Print the data below verbatim, minus images.

=== Data for this exercise ===
*****

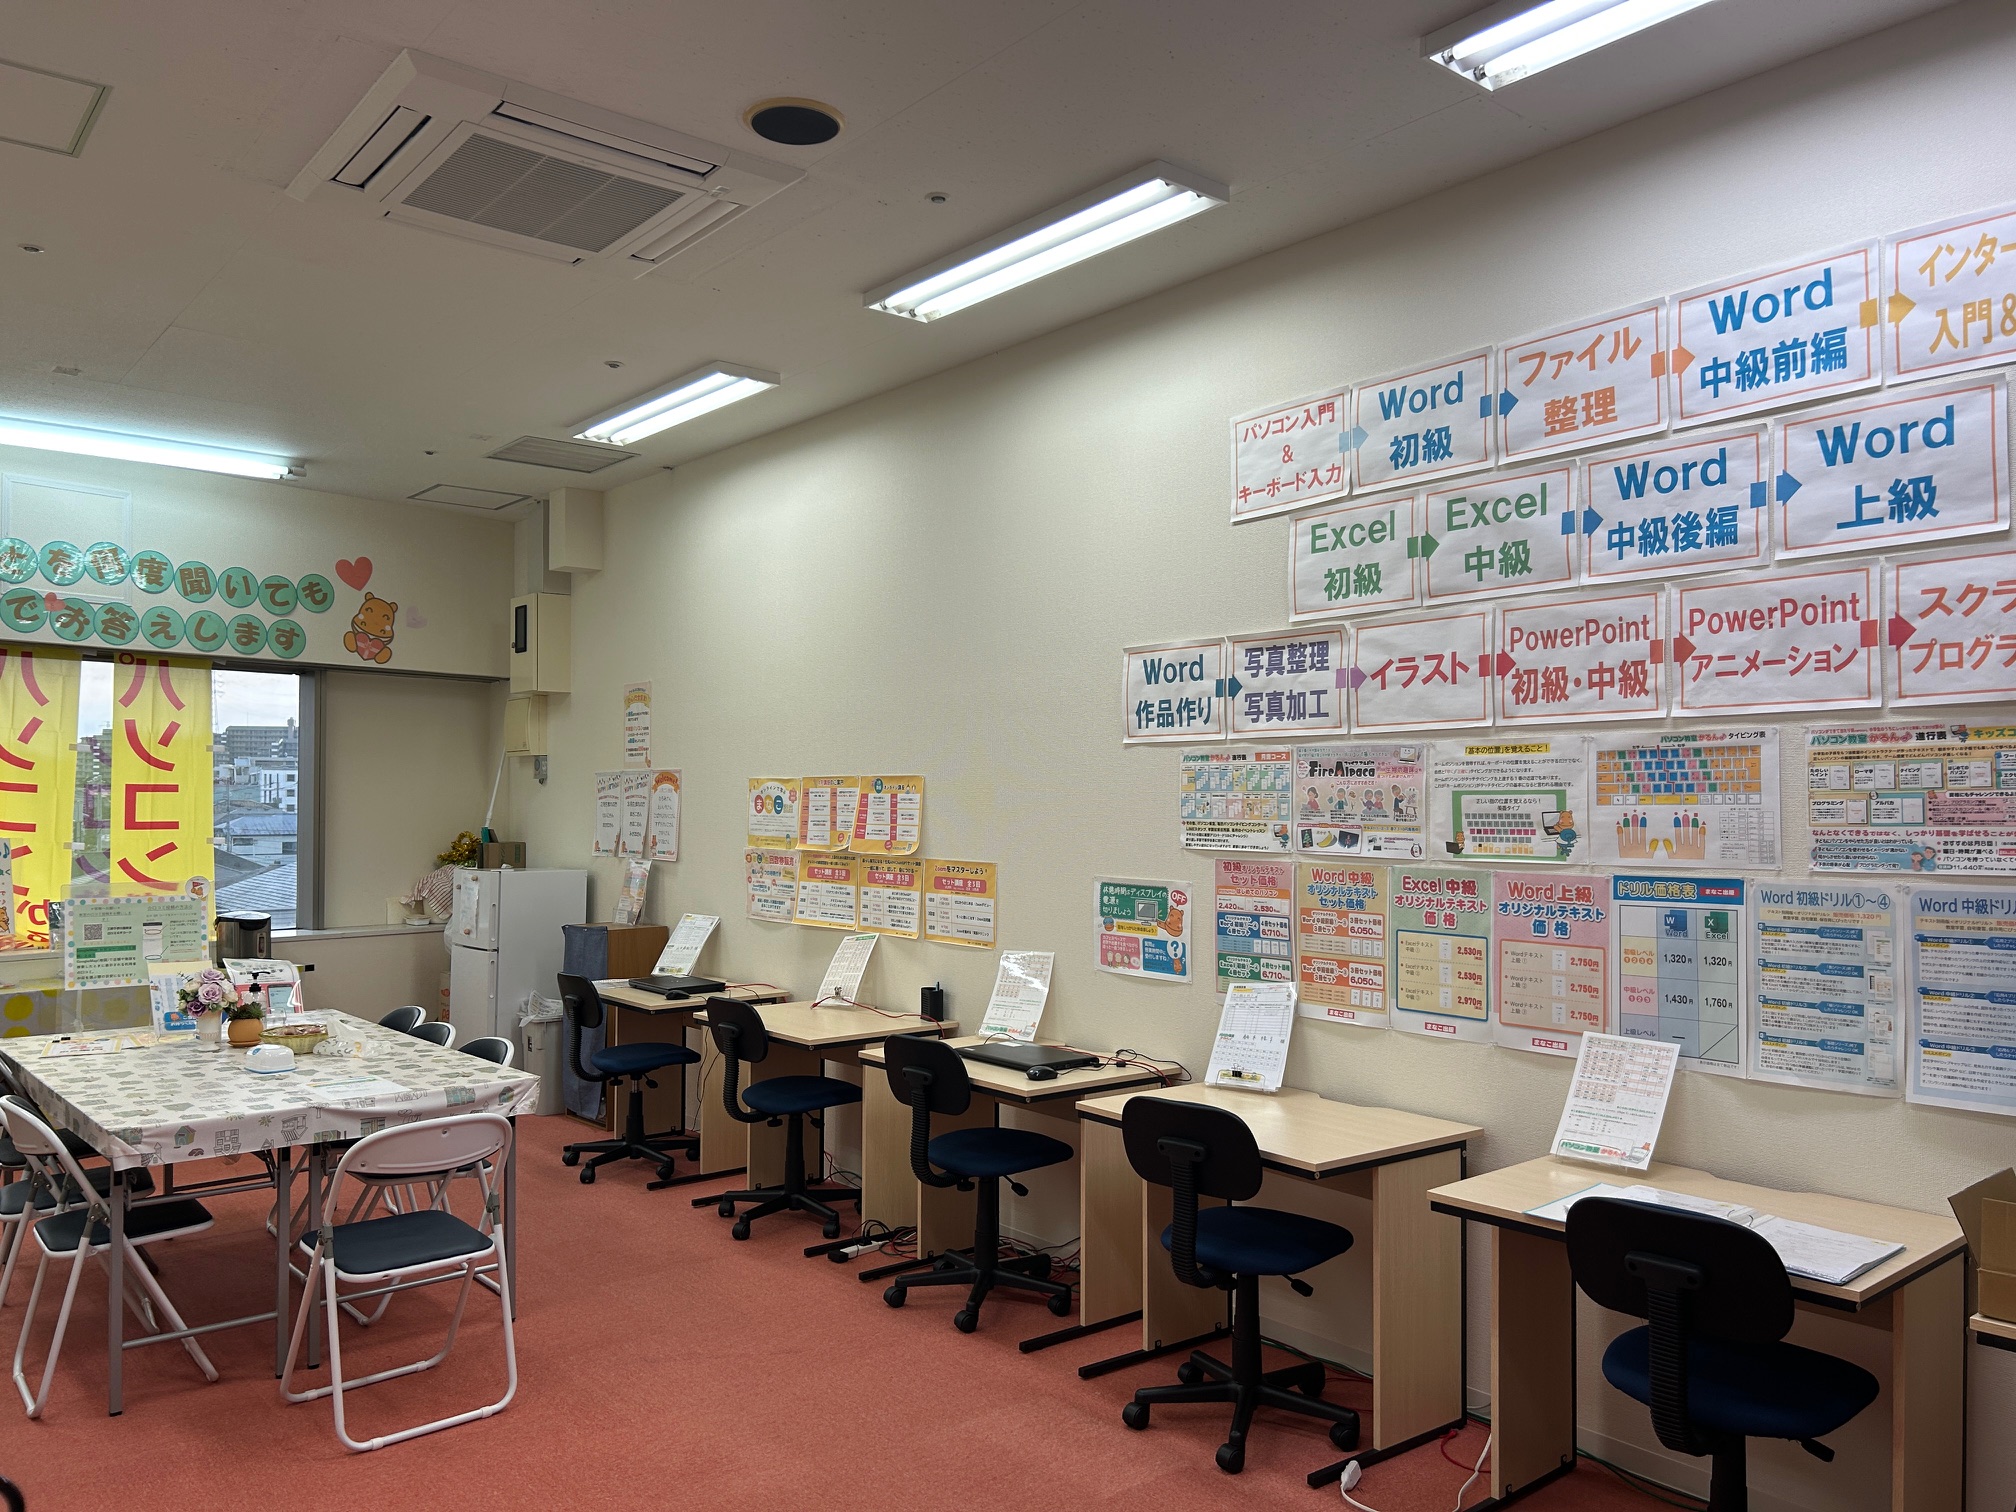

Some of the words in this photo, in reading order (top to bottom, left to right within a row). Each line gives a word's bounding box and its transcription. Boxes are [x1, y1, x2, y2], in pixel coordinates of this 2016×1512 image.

[1708, 267, 1833, 336] Word
[1518, 327, 1642, 388] ファイル
[1700, 326, 1847, 399] 中級前編
[1378, 371, 1464, 421] Word
[1544, 386, 1617, 438] 整理
[1243, 402, 1335, 443] パソコン入門
[1816, 404, 1955, 468] Word
[1282, 445, 1294, 464] &
[1389, 426, 1454, 470] 初級
[1239, 463, 1342, 503] キーボード入力
[1613, 447, 1727, 501] Word
[1447, 482, 1547, 532] Excel
[1836, 474, 1940, 530] 上級
[1311, 510, 1395, 555] Excel
[1606, 504, 1740, 562] 中級後編
[1465, 539, 1533, 582] 中級
[1324, 562, 1383, 601] 初級
[1688, 592, 1860, 637] PowerPoint
[1510, 614, 1650, 653] PowerPoint
[1142, 653, 1205, 686] Word
[1244, 640, 1330, 679] 写真整理
[1370, 651, 1471, 691] イラスト
[1690, 643, 1860, 683] アニメーション
[1511, 659, 1650, 706] 初級・中級
[1135, 696, 1212, 730] 作品作り
[1244, 689, 1330, 724] 写真加工
[1728, 731, 1766, 739] タイピング表
[1915, 728, 1947, 741] 進行表
[1309, 760, 1376, 777] FireAlpaca
[1231, 874, 1277, 886] セット価格
[1307, 884, 1378, 899] オリジナルテキスト
[1312, 867, 1345, 883] Word
[1348, 871, 1373, 885] 中級
[1402, 875, 1442, 893] Excel
[1445, 878, 1477, 897] 中級
[1508, 881, 1554, 901] Word
[1556, 885, 1593, 904] 上級
[1618, 881, 1697, 899] ドリル価格表
[1171, 892, 1187, 903] OFF
[1318, 896, 1366, 910] セット価格
[1394, 894, 1488, 912] オリジナルテキスト
[1498, 902, 1606, 922] オリジナルテキスト
[1761, 890, 1794, 904] Word
[1919, 897, 1958, 913] Word
[1665, 929, 1689, 938] Word
[1705, 931, 1729, 940] Excel
[1457, 946, 1483, 956] 2,530円
[1570, 957, 1599, 968] 2,750円
[1457, 971, 1483, 981] 2,530円
[1570, 983, 1599, 994] 2,750円
[1570, 1010, 1599, 1022] 2,750円

*****

=== Answer area ===
Some of the words in this photo, in reading order (top to bottom, left to right within a row). Each line gives a word's bounding box and its transcription. Boxes are [x1, y1, x2, y2], in pixel coordinates of this 2016×1512 image.

[1708, 267, 1833, 336] Word
[1518, 327, 1642, 388] ファイル
[1700, 326, 1847, 399] 中級前編
[1378, 371, 1464, 421] Word
[1544, 386, 1617, 438] 整理
[1243, 402, 1335, 443] パソコン入門
[1816, 404, 1955, 468] Word
[1282, 445, 1294, 464] &
[1389, 426, 1454, 470] 初級
[1239, 463, 1342, 503] キーボード入力
[1613, 447, 1727, 501] Word
[1447, 482, 1547, 532] Excel
[1836, 474, 1940, 530] 上級
[1311, 510, 1395, 555] Excel
[1606, 504, 1740, 562] 中級後編
[1465, 539, 1533, 582] 中級
[1324, 562, 1383, 601] 初級
[1688, 592, 1860, 637] PowerPoint
[1510, 614, 1650, 653] PowerPoint
[1142, 653, 1205, 686] Word
[1244, 640, 1330, 679] 写真整理
[1370, 651, 1471, 691] イラスト
[1690, 643, 1860, 683] アニメーション
[1511, 659, 1650, 706] 初級・中級
[1135, 696, 1212, 730] 作品作り
[1244, 689, 1330, 724] 写真加工
[1728, 731, 1766, 739] タイピング表
[1915, 728, 1947, 741] 進行表
[1309, 760, 1376, 777] FireAlpaca
[1231, 874, 1277, 886] セット価格
[1307, 884, 1378, 899] オリジナルテキスト
[1312, 867, 1345, 883] Word
[1348, 871, 1373, 885] 中級
[1402, 875, 1442, 893] Excel
[1445, 878, 1477, 897] 中級
[1508, 881, 1554, 901] Word
[1556, 885, 1593, 904] 上級
[1618, 881, 1697, 899] ドリル価格表
[1171, 892, 1187, 903] OFF
[1318, 896, 1366, 910] セット価格
[1394, 894, 1488, 912] オリジナルテキスト
[1498, 902, 1606, 922] オリジナルテキスト
[1761, 890, 1794, 904] Word
[1919, 897, 1958, 913] Word
[1665, 929, 1689, 938] Word
[1705, 931, 1729, 940] Excel
[1457, 946, 1483, 956] 2,530円
[1570, 957, 1599, 968] 2,750円
[1457, 971, 1483, 981] 2,530円
[1570, 983, 1599, 994] 2,750円
[1570, 1010, 1599, 1022] 2,750円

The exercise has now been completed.